Abstract: With the widespread use of clustered regularly interspaced palindromic repeats (CRISPR)/CRISPR-associated nuclease (Cas) technologies in plants, large-scale genome editing is increasingly needed. Here, we developed a geminivirus-mediated surrogate system, called Wheat Dwarf Virus-Gate (WDV-surrogate), to facilitate high-throughput genome editing. WDV-Gate has two parts: one is the recipient callus from a transgenic rice line expressing Cas9 and a mutated hygromycin-resistant gene (HygM) for surrogate selection; the other is a WDV-based construct expressing two single guide RNAs (sgRNAs) targeting HygM and a gene of interest, respectively.

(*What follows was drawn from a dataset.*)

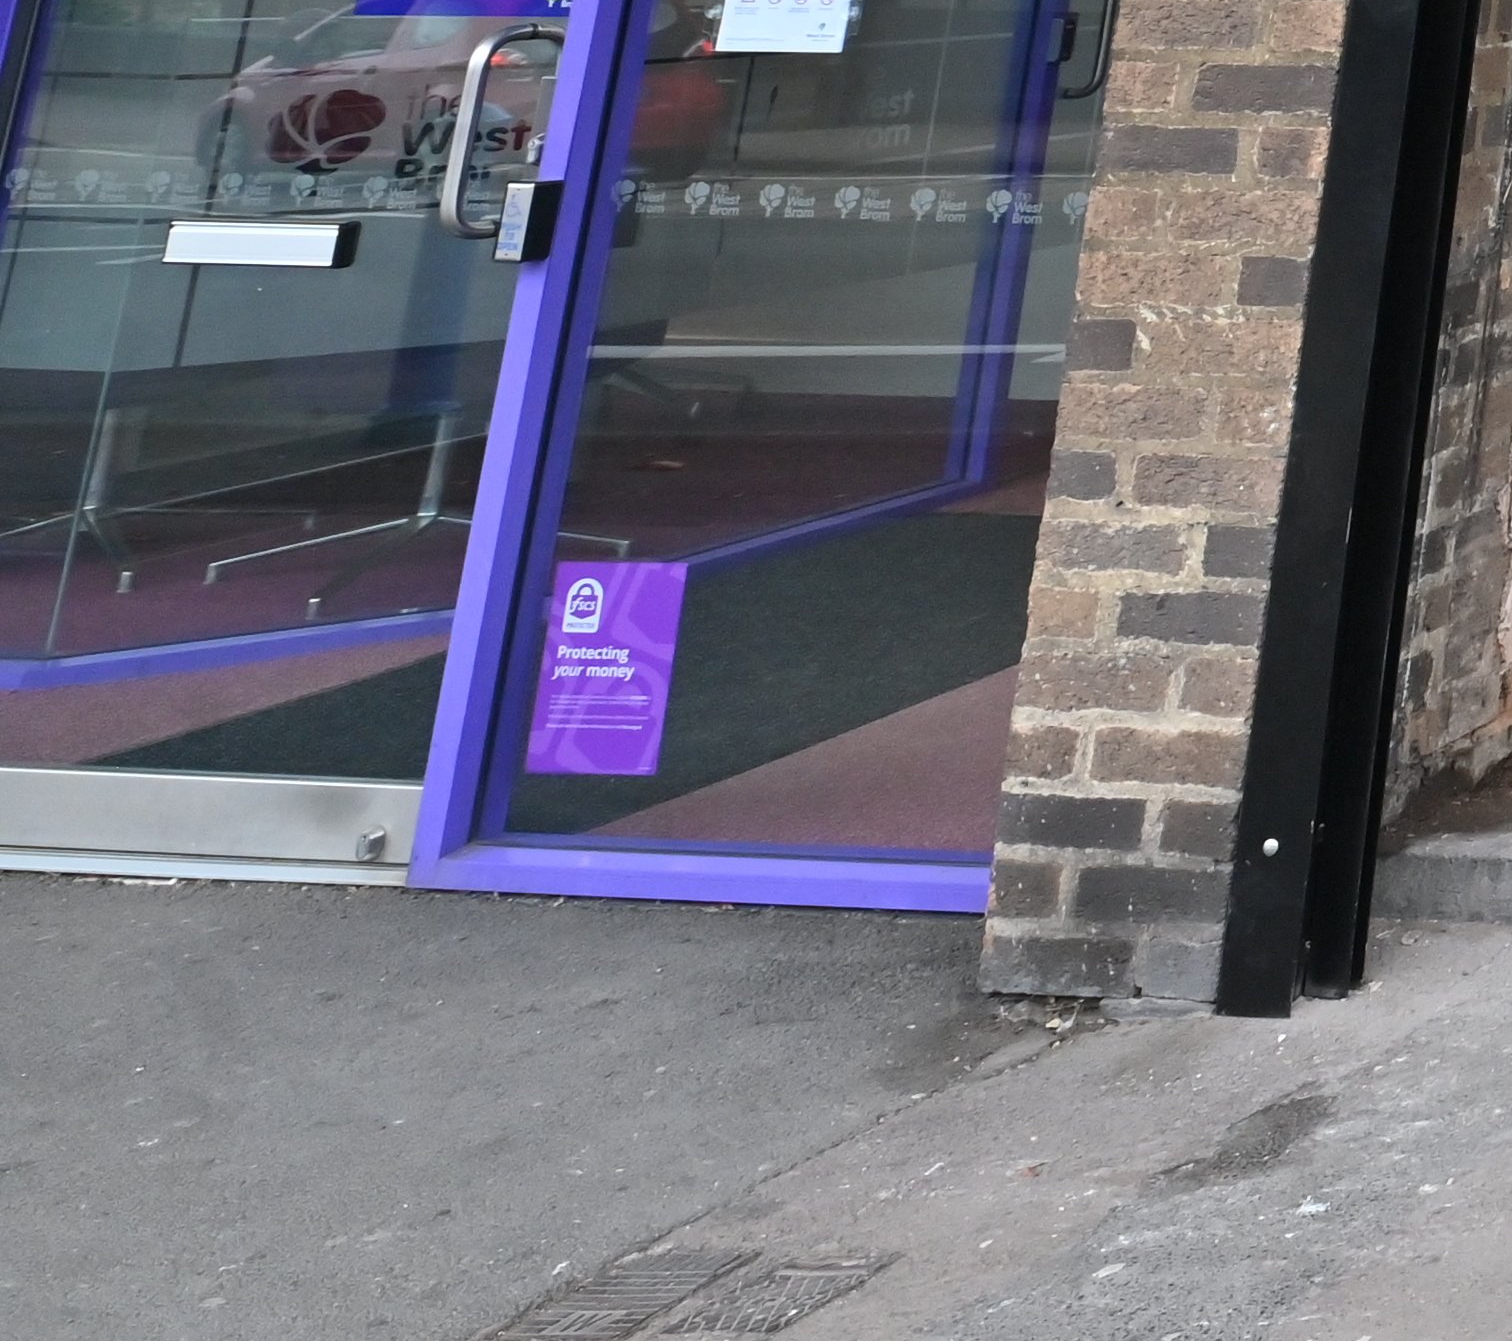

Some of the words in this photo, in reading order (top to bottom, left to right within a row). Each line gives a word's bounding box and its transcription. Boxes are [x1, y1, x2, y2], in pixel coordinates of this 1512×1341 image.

[557, 645, 630, 663] Protecting
[551, 666, 585, 680] your
[586, 666, 635, 681] money

We evaluated WDV-Gate on six rice loci by producing a total of 874 T0 plants. Compared with the conventional method, the WDV-Gate system, which was characterized by a transient and high level of sgRNA expression, significantly increased editing frequency (66.8% vs. 90.1%), plantlet regeneration efficiency (2.31-fold increase), and numbers of homozygous-edited plants (36.3% vs. 70.7%). Large-scale editing using pooled sgRNAs targeting the SLR1 gene resulted in a high editing frequency of 94.4%, further demonstrating its feasibility. We also tested WDV-Gate on sequence knock-in for protein tagging. By co-delivering a chemically modified donor DNA with the WDV-Gate plasmid, 3xFLAG peptides were successfully fused to three loci with an efficiency of up to 13%. Thus, by combining transiently expressed sgRNAs and a surrogate selection system, WDV-Gate could be useful for high-throughput gene knock-out and sequence knock-in.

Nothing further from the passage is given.